During a pre-taped appearance that aired on Sunday, Zelenskyy addressed the ongoing war with Russia, asking viewers for support in telling the story of Ukraine’s invasion by Russia.
Zelenskyy likened the invasion to a deadly silence threatening to extinguish the dreams and lives of the Ukrainian people, including children.
"The war doesn't let us choose who survives and who stays in eternal silence," the Ukrainian president began. "Our musicians wear body armor instead of tuxedos. They sing to the wounded in hospitals. They sing to the wounded in hospitals, even to those who can’t hear them. But the music will break through anyway."
He noted, "We defend our freedom. To live. To love. To sound."

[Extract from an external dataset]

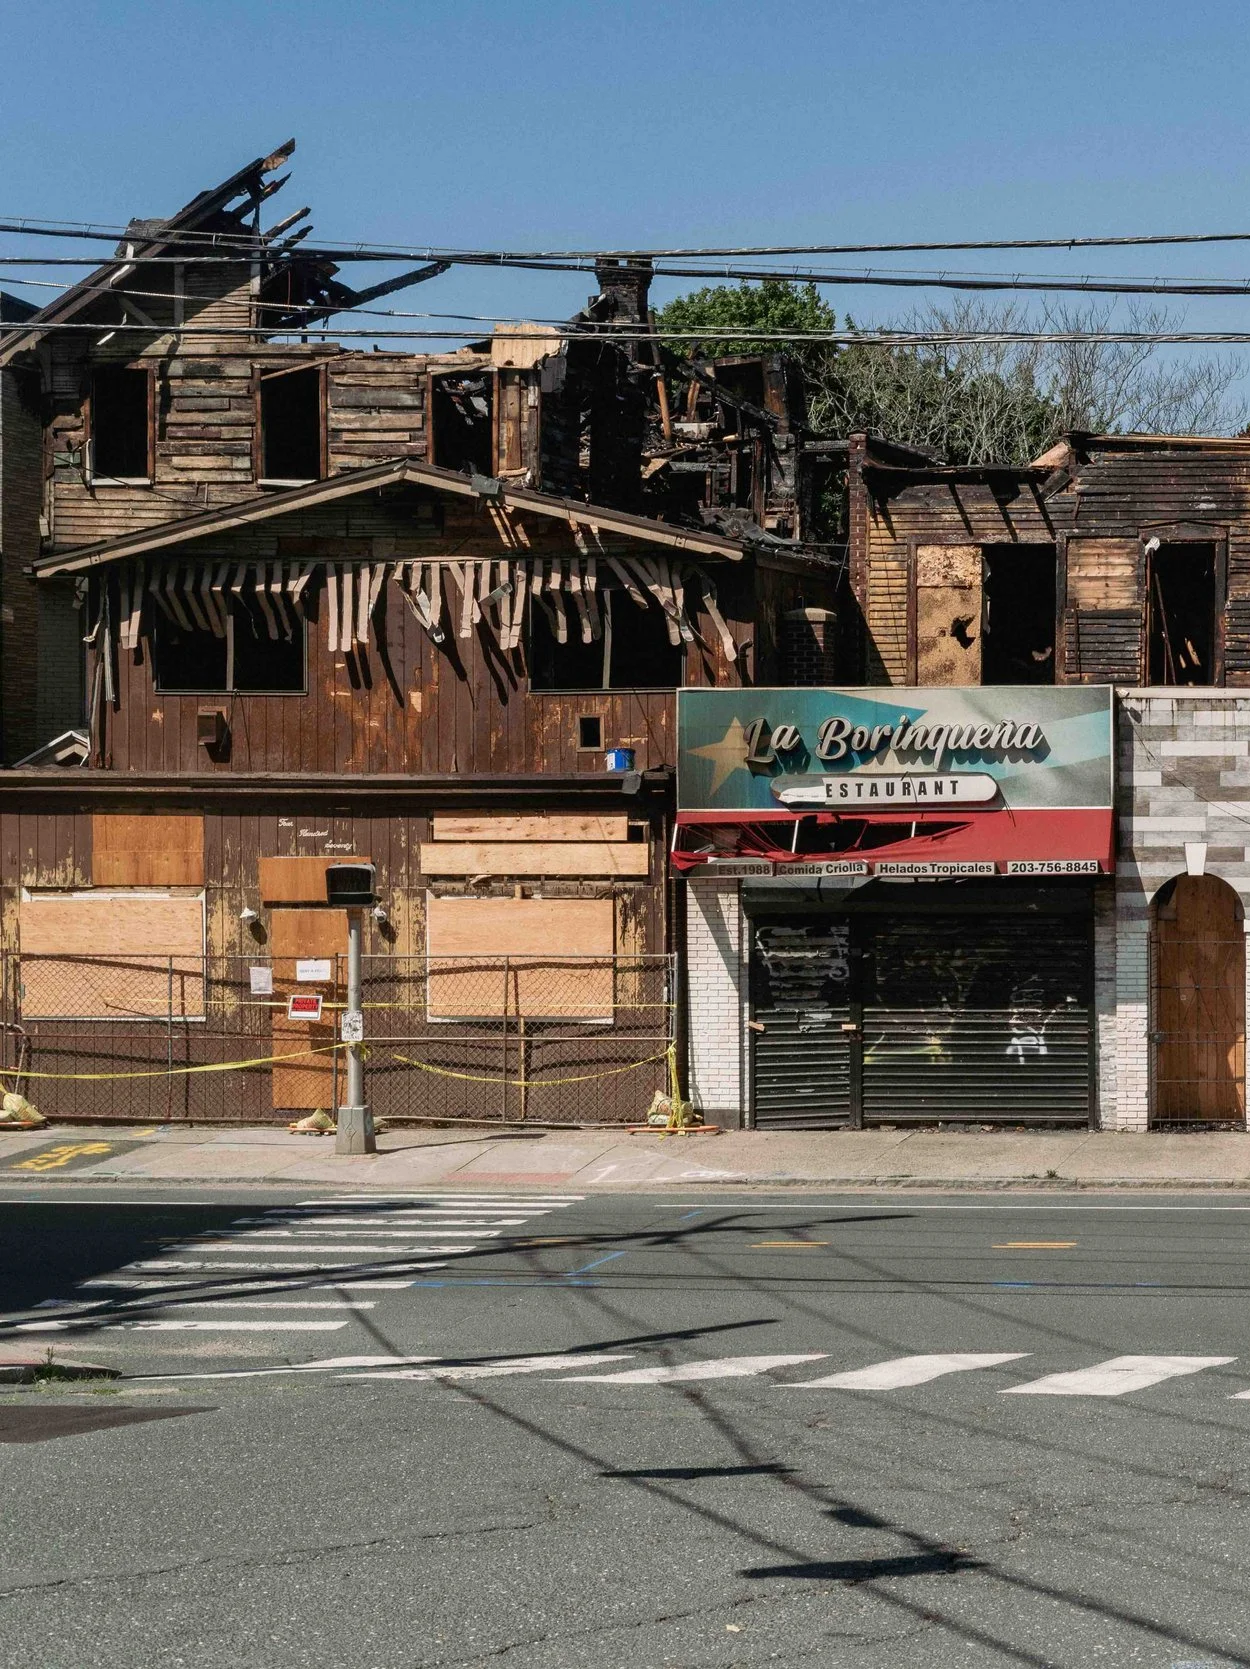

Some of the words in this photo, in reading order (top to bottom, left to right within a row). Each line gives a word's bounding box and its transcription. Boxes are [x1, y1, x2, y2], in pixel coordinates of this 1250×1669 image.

Zelenskyy went on to add, "On our land, we are fighting Russia which brings horrible silence with its bombs. The dead silence. Fill the silence with your music. Fill it today. Tell our story."
Zelenskyy also added, "Support us in any way you can. Any - but not silence."

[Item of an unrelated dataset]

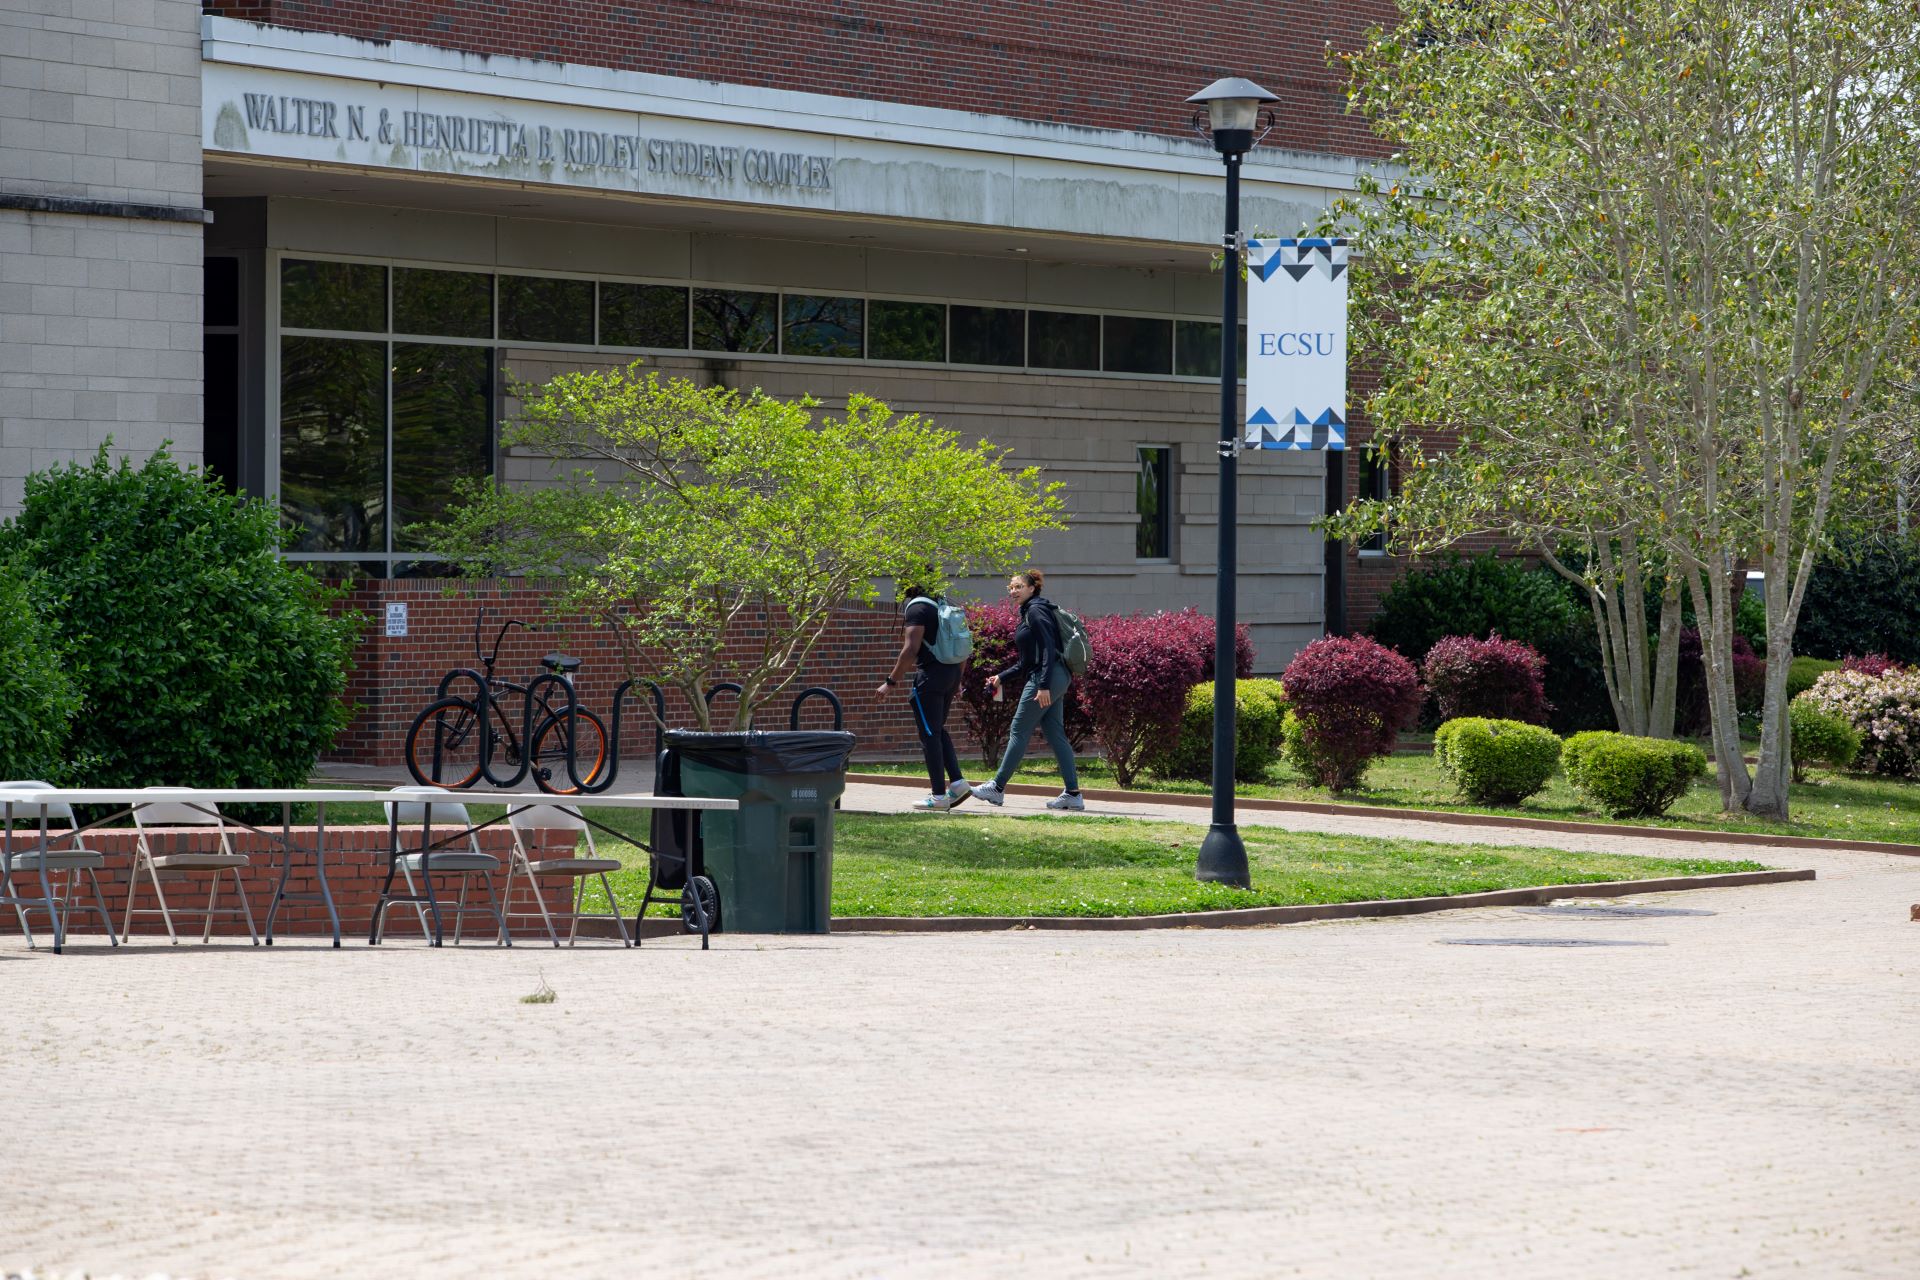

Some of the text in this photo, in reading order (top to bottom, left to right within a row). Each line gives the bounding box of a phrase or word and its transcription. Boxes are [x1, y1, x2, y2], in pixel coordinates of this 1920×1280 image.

[243, 93, 833, 189] WALTER N. & HENRIETTA B. RIDLEY STUDENT COMPLEX
[1259, 333, 1335, 356] ECSU

According to Variety, Zelenskyy filmed the pre-taped segment within the last 48 hours from a bunker in Kyiv.
LAS VEGAS, NEVADA - APRIL 03: President of Ukraine Volodymyr Zelenskyy speaks on screen during the 64th Annual GRAMMY Awards at MGM Grand Garden Arena on April 03, 2022 in Las Vegas, Nevada. (Photo by Rich Fury/Getty Images for The Recording Academy)
"On our land, we are fighting Russia which brings horrible silence with its bombs. The dead silence. Fill the silence with your music. Fill it today. Tell our story."

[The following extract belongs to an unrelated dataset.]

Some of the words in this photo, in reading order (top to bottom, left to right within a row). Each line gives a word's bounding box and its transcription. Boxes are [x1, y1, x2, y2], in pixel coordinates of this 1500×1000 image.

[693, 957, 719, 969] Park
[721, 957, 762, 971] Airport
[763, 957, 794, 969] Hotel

Zelenskyy's appearance was followed by a performance led by John Legend and Ukrainian musicians, Siuzanna Iglidan and Mika Newton, as well as poet Lyuba Yakimchuk.
Images from the war were shown on screens behind them.
Newton sang "Free" by Legend alongside Iglidan. Newton is from Burstyn, Ukraine. The Grammys went on to mention that her sister is currently back home serving in the Ukraine army as they fight against Russia.
During the performance, Iglidan played the bandura, a plucked-string Ukrainian instrument, while Legend was on the piano.
Iglidan, who is from Odesa, Ukraine, shared photos leading up to her big performance on Sunday, captioning the images, "I’m sitting on the middle of this stage in front of all these famous musicians — Lady Gaga, John Legend, many, many others," she said.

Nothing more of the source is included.